The European Medicines Agency (EMA) has reassessed the anti-Alzheimer’s drug lecanemab and decided to authorize the product. This decision comes after initially recommending against this measure last July.
In a press release, the EMA indicates that it has “reexamined its opinion” and gives the green light to the marketing of lecanemab to treat “mild cognitive impairment” and “mild dementia” due to Alzheimer’s disease in its early stages.
Furthermore, the authorization specifies that it can be used in patients presenting “one or no copy of ApoE4, a certain variety of the gene associated with apolipoprotein E. For the population restricted to these characteristics, the benefits of lecanemab to slow the progression of symptoms outweighs the risks.
The refusal to authorize the use of this drug in July, recalls the Agency, referred “to a broader group such as all patients suffering from Alzheimer’s disease”.
“This is the news we’ve been waiting for”

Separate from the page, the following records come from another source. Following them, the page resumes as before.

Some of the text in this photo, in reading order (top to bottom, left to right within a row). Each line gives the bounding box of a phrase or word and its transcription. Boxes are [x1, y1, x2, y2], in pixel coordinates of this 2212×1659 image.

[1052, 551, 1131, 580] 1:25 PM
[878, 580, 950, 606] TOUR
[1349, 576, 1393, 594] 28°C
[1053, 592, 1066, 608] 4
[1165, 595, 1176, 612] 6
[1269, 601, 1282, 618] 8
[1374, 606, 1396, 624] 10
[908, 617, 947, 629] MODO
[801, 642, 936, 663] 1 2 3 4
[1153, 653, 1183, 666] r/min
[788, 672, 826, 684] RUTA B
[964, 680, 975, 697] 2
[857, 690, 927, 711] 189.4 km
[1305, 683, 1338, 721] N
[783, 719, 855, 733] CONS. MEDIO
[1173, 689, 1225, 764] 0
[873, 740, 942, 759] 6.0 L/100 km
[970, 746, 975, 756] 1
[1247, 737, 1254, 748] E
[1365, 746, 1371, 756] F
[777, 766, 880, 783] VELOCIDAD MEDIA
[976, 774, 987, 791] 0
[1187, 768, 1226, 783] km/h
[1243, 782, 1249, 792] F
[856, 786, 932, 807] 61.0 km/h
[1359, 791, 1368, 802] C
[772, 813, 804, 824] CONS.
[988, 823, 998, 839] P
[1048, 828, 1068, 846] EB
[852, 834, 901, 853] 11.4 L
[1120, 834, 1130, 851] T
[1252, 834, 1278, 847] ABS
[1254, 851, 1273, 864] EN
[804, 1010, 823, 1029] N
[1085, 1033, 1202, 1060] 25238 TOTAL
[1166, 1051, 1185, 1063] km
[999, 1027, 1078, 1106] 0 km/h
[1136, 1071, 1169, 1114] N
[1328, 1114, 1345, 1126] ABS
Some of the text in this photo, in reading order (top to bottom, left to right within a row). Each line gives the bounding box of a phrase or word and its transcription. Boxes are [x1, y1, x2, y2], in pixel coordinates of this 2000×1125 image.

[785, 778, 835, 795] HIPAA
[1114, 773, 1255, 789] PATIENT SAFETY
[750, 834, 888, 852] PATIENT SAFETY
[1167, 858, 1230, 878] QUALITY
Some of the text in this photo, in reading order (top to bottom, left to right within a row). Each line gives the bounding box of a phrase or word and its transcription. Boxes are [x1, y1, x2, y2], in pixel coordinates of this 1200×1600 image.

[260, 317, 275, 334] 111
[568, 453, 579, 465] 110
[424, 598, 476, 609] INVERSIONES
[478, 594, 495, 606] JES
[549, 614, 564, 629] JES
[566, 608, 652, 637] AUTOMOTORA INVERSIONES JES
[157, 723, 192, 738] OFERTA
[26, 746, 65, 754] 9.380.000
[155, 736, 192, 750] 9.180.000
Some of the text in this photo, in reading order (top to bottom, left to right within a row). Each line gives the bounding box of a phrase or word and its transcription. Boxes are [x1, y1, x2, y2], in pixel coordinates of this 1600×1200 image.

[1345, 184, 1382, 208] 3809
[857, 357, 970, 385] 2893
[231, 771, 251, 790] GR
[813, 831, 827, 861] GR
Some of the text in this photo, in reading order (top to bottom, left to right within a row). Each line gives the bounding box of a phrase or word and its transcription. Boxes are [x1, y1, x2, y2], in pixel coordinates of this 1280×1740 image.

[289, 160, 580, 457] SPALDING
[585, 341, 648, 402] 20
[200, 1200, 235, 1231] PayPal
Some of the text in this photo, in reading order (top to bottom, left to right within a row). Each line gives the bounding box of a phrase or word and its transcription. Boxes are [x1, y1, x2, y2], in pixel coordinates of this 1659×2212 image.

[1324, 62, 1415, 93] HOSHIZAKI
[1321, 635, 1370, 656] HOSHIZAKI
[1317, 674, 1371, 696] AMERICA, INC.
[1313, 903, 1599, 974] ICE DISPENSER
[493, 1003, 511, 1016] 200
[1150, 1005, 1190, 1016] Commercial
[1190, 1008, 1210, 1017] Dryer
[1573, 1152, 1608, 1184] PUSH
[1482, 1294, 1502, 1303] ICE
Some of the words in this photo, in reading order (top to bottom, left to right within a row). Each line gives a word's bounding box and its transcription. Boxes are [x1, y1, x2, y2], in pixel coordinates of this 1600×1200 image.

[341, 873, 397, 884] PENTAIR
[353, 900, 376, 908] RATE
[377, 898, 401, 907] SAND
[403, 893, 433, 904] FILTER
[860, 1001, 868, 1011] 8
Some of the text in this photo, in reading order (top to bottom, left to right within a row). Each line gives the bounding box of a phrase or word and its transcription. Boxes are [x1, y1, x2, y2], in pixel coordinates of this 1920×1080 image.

The neurologist and clinical director of the Ace Alzheimer Center in Barcelona, Mercè Rovira, believes that “this is the news that we were waiting for with some caution, because the EMA is a very conservative entity that carefully evaluates the risk situation of patients, which were here as one of the key points to be able to accept the treatment,” he told the Science Media Center (SMC).
Rovira adds that “Europe needed this news. “I needed to know that we had the possibility of treating patients, I needed to know that all research in this area would continue. »
The executive director of Alzheimer’s Research UK, Hilary Evans-Newton, also considers this partial authorization as positive: “Even if it is not a cure, lecanemab is an important step forward,” she said. -she also declared to the SMC. “These advances, however modest, represent a major advance in the way Alzheimer’s disease is treated.”
However, the medicine will be “accessible via a controlled program to ensure that the medicine is used exclusively in indicated patients,” the EMA said in announcing this re-evaluation.